PFN-NPE

Research code for using frozen TabPFN representations as summary statistics for simulation-based inference (SBI). The repository contains the PFN-NPE implementation, comparison baselines, diagnostic experiments, and scripts used to regenerate the main experiment tables and figures.

This is a research-code release, not a stable Python library. The command-line entry points are intended to be run from a clone of this repository, and the historical source namespace is pfn_testing.

Repository Layout

pfn_testing/sbi/: core task utilities, custom SBI tasks, PFN-NPE model code, normalizing-flow utilities, and baseline runners.
scripts/: experiment, diagnostic, aggregation, and plotting entry points.
repro/: shell wrappers for install checks, smoke tests, core sweeps, and table/figure regeneration.
results/: default location for regenerated tables and lightweight summary artifacts.
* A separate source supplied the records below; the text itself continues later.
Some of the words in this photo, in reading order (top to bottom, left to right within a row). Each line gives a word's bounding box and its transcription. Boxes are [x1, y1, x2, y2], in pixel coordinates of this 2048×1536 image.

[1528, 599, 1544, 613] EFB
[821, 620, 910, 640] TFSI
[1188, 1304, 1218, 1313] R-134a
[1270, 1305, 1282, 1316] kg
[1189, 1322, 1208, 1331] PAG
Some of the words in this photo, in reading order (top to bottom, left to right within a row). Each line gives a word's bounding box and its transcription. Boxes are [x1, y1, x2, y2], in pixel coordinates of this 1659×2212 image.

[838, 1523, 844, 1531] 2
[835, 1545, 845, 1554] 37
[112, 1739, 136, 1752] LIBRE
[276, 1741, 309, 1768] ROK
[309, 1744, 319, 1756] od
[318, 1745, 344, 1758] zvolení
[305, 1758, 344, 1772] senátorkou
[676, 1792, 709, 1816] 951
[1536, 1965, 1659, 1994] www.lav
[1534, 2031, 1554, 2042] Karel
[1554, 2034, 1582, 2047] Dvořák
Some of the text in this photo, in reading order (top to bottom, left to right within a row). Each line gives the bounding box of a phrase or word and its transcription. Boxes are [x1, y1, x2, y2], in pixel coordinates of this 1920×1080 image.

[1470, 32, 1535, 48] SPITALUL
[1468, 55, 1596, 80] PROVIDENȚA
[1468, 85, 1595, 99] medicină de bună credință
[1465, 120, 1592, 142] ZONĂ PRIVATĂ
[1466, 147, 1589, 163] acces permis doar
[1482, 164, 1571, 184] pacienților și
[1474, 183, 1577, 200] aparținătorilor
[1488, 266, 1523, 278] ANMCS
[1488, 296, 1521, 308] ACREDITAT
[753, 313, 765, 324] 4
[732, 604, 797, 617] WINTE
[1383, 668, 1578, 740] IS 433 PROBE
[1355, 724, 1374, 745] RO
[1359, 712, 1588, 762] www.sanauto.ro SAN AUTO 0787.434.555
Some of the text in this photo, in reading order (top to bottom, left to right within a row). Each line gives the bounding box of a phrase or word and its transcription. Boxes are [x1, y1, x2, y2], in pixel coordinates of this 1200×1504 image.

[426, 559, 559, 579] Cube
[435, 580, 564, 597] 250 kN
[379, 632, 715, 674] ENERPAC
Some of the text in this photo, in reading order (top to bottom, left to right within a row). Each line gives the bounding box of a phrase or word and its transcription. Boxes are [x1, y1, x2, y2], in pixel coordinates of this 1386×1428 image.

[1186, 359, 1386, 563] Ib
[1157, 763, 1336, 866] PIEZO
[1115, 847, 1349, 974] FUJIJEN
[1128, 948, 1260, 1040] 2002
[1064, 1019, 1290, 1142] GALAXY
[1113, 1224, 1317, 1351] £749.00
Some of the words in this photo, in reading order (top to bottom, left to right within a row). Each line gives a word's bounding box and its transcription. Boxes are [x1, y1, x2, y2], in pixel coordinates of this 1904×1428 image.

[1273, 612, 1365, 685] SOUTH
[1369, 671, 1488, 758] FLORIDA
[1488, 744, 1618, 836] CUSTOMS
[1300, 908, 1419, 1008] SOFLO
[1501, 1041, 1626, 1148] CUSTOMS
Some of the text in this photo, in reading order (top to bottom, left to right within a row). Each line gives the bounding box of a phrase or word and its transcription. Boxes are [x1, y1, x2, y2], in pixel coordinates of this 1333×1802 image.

Large generated arrays, trained weights, figures, logs, cluster job files, and machine-specific paths are intentionally not tracked. New experiment outputs are written under pfn_testing/sbi/outputs/ and results/.

Installation

The recommended workflow uses uv:

git clone https://github.com/epickens/pfn-npe.git
cd pfn-npe
uv sync

The dependency resolution is configured for Linux and macOS. The experiments were developed for Linux GPU machines; Windows is not a supported target. The environment uses a pinned sbibm compatibility fork because the public sbibm release depends on an older sbi range than this code uses.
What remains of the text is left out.